Payroll giant ADP conducted the survey of more than 400 executives from companies with 1,000 or more employees.
One takeaway: Many of those interviewed admitted they weren’t fully comfortable with their preparedness for meeting some of the criteria of the PPACA. Nonetheless, 70 percent said they intended to manage act compliance internally, an indication that the C-suite expects its HR team to figure it out.
The results of the ADP survey seem to support earlier research that indicated that large employers are less concerned about the law's impact on business than they were a year ago. While challenges remain, the PPACA panic button has been placed, if not in the recycle bin, at least in the storage closet.
The ADP white paper, “Affordable Care Act and Employer Confidence: Navigating a Complex Compliance Challenge,” found that respondents felt least prepared to address the following PPACA issues:
- Exchange notices (62 percent);
- PPACA penalties (60 percent);
- Annual health care reporting (IRS Forms 1094/1095-C) (49 percent).
An ADP executive wondered aloud in a release whether these employers could truly meet the challenges of implementation without consulting assistance.
“As we meet with large employers, it has become clear that many don’t have the systems or processes in place to meet PPACA compliance requirements, highlighting a need for a cohesive internal effort and perhaps a third-party partner,” ADP SVP Vic Saliterman said. “With reporting requirements based on 2015 data and subsequent penalties going into effect in 2016, the decision to go it alone on ACA compliance could prove risky based on current levels of preparedness.”
With respect to PPACA compliance requirements, those interviewed identified the following two strategic workforce management and cost containment actions as higher priorities:
Changing employee benefits plans in advance of the Cadillac tax: With the Cadillac tax looming for high-value health care plans in 2018, “employers are continuing to employ benefits strategies that shift more costs to employees.
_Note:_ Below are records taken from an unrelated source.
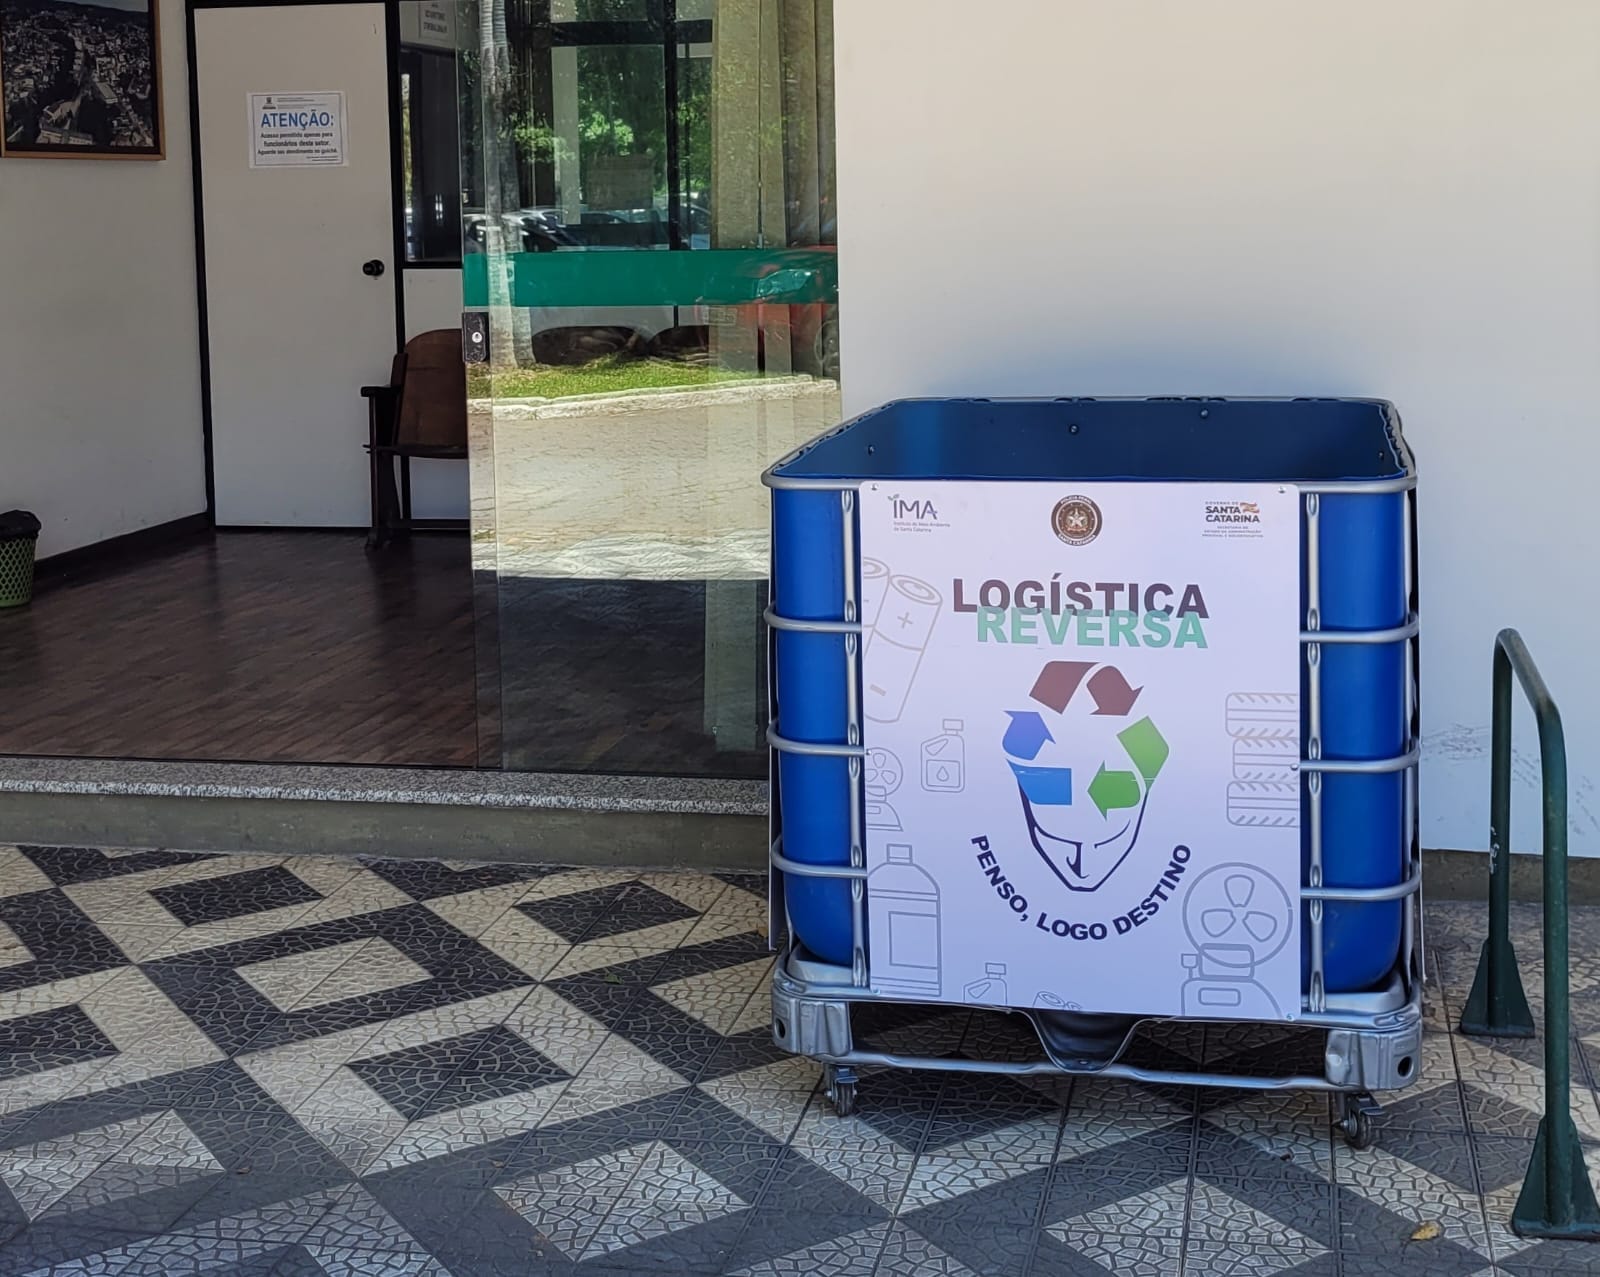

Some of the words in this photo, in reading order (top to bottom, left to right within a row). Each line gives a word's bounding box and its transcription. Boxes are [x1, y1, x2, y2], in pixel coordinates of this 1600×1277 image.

[261, 109, 334, 130] ATENÇÃO:
[893, 500, 938, 520] IMA
[1205, 506, 1241, 514] SANTA
[1205, 514, 1260, 523] CATARINA
[953, 572, 1209, 618] LOGÍSTICA
[977, 606, 1208, 648] REVERSA
[971, 835, 1028, 922] PENSO,
[1036, 912, 1108, 940] LOGO
[1112, 844, 1191, 935] DESTINO
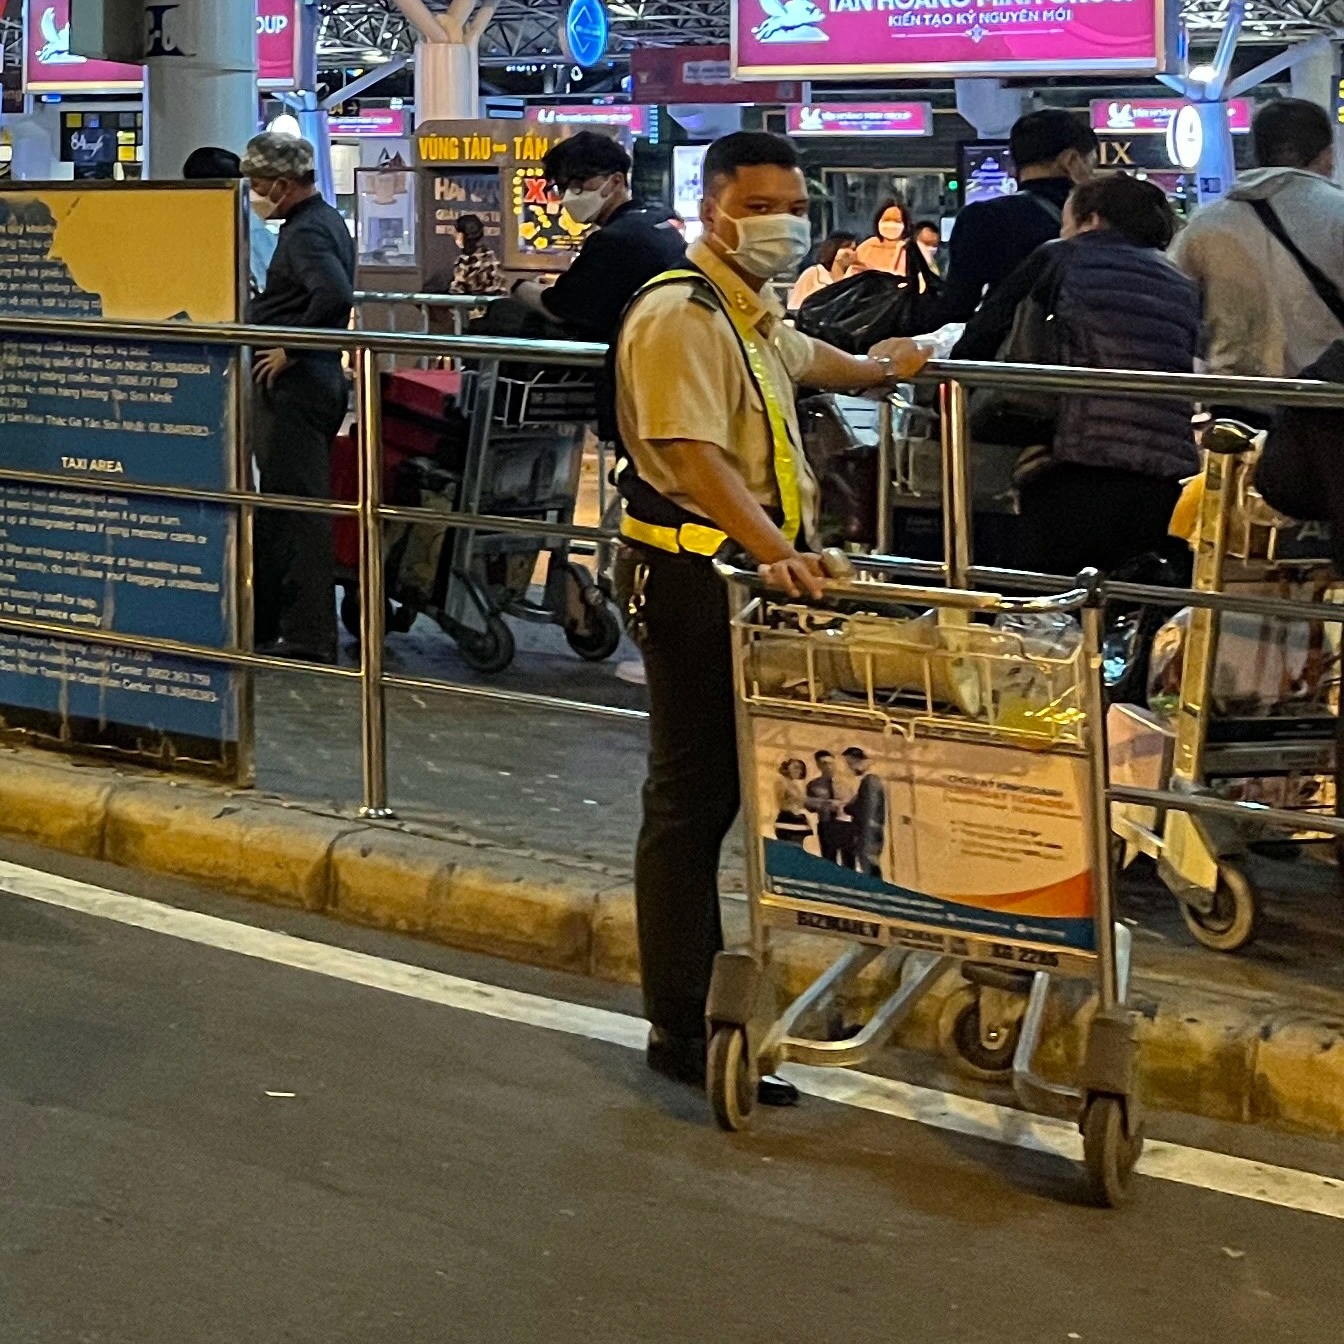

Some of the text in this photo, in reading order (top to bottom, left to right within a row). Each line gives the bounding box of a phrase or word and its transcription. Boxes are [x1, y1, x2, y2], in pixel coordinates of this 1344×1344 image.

[418, 132, 460, 161] VŨNG
[462, 132, 491, 161] TÀU
[60, 455, 124, 474] TAXI AREA
Nearly two-thirds of large employers (63 percent) plan to increase employees' share of costs through changes to employee deductibles, employee co-pays or employer contributions.”
Emphasizing consumerism through plan design: A third of respondents said they already have shifted to a low actuarial value plan. “Of these employers, more than half (57 percent) have decided to offer a consumer-driven health plan. This kind of plan design is generally the most effective way to actively engage employees and their dependents in making smart health care decisions, which can ultimately help to reduce costs.”
Other survey highlights included:
- Most respondents said they would extend benefits coverage beyond the mandated PPACA full-time employee: “More specifically, 61 percent have already extended such coverage or plan to do so. Of those who have already or plan to extend benefits coverage, the top reasons include: talent acquisition, talent retention and avoiding penalties.”
- Most employers won’t try to modify employee in response to PPACA requirements: “Most employers in the study offer coverage to all employees averaging at least 30 hours of service per week during the employer-defined measurement period. Only about two out of five large employers have limited or are planning to limit hours for some employees.”